ベルリオーズ、ハスラー・ワン、Aの3名の率いる部隊が先に降下、発見されている門から突入予定よ。
これはメインシャフトに通じることが地形走査によって判明しているから、いずれは合流できるはず。
そして、A-01本隊は凄乃皇と共にハイヴ直上までシロガネⅡで接近、そのまま飛び降りて突入するわ」
スライドは説明に合わせるように表示された戦力を移動させ、ハイヴの内部へと浸透していく様を移している。
「現在、このメインシャフトにはBETAが何らかの工事を行っているのが確認されている。

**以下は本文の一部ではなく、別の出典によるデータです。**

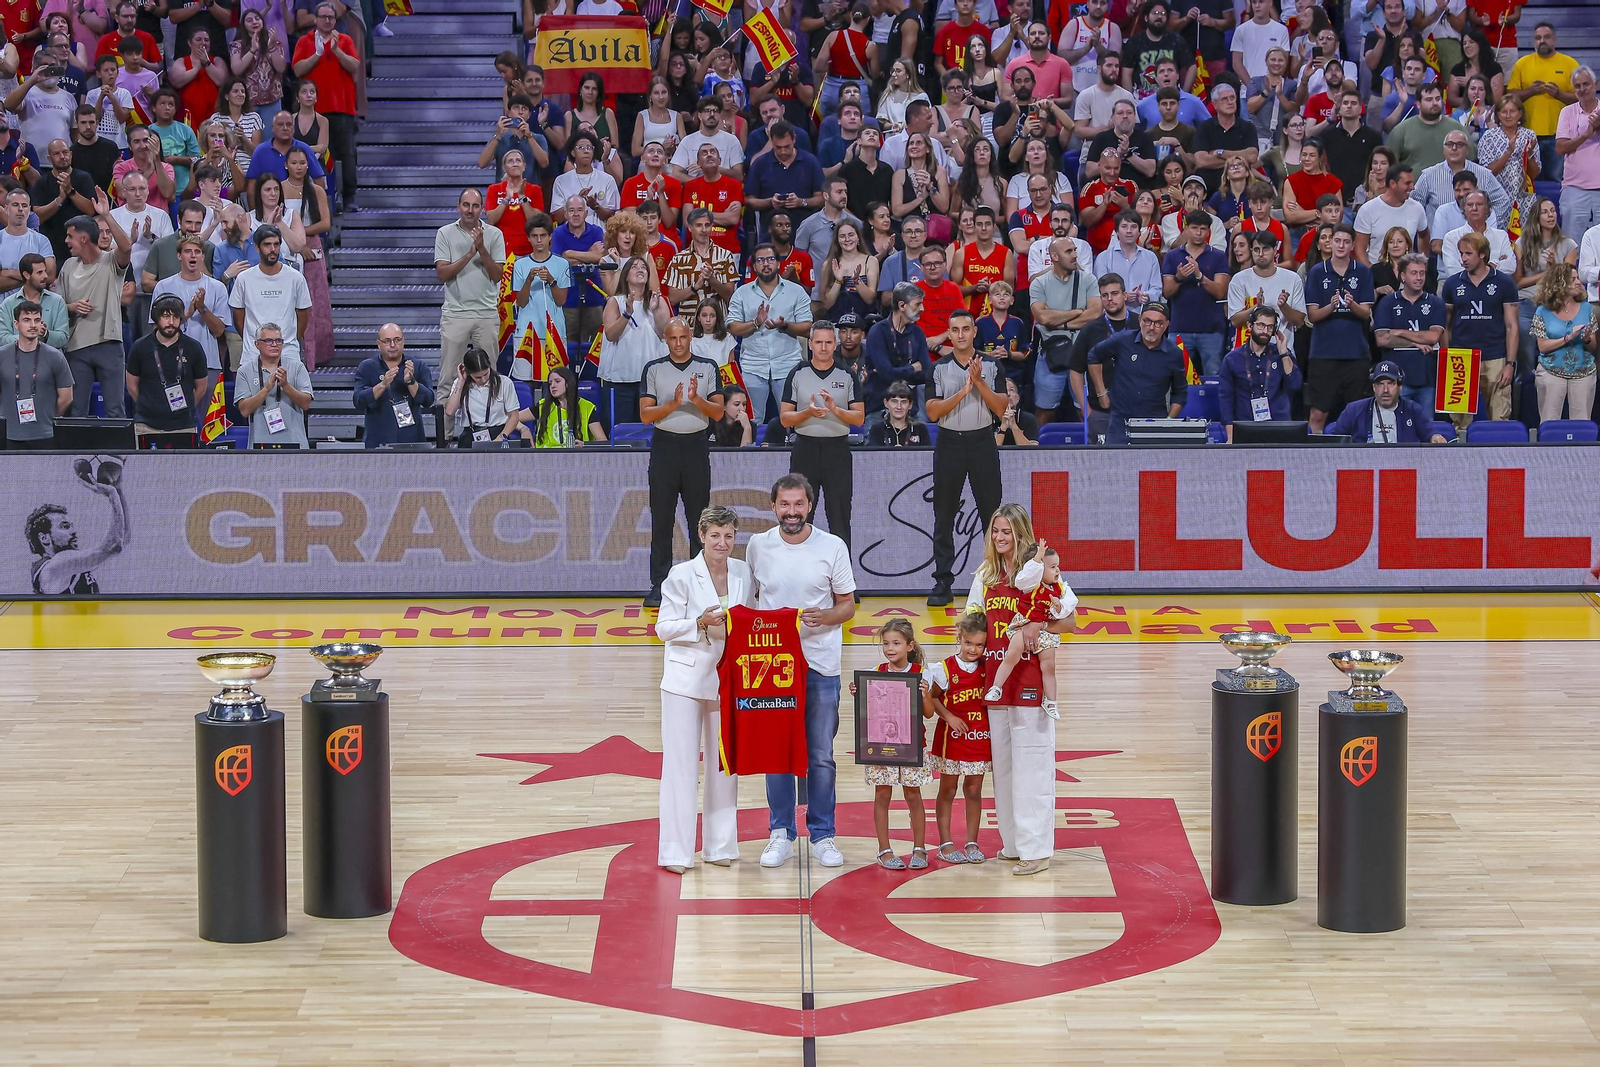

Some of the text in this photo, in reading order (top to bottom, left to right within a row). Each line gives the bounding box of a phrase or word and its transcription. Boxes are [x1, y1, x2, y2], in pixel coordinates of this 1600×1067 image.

それを直近で観察及びデータ採取を行い、然る後に破壊するわ。
そして、メインホールに到着後、反応炉の破壊---いわゆる頭脳級の排除を行うわ」
作戦としては非常にシンプル。
戦力をいくつかのルートに分散させ、そのままハイヴに突入させ、反応炉を破壊するというものだ。
ただし、と夕呼は付け加える。
「地球連合が言うところのISA戦術を今回の突入作戦では採用するわ。
母艦能力を持つ戦艦で一気に敵陣を突破、然る後に艦載機で最重要目標のみをピンポイントで撃破することにより、相手の首を落とす。
人間同士の戦争で言えば斬首戦術っていうものになるわね」
ふざけた物よね、と付け加えられた感想が、夕呼だけでなくβ世界におけるISA戦術への感想でもあった。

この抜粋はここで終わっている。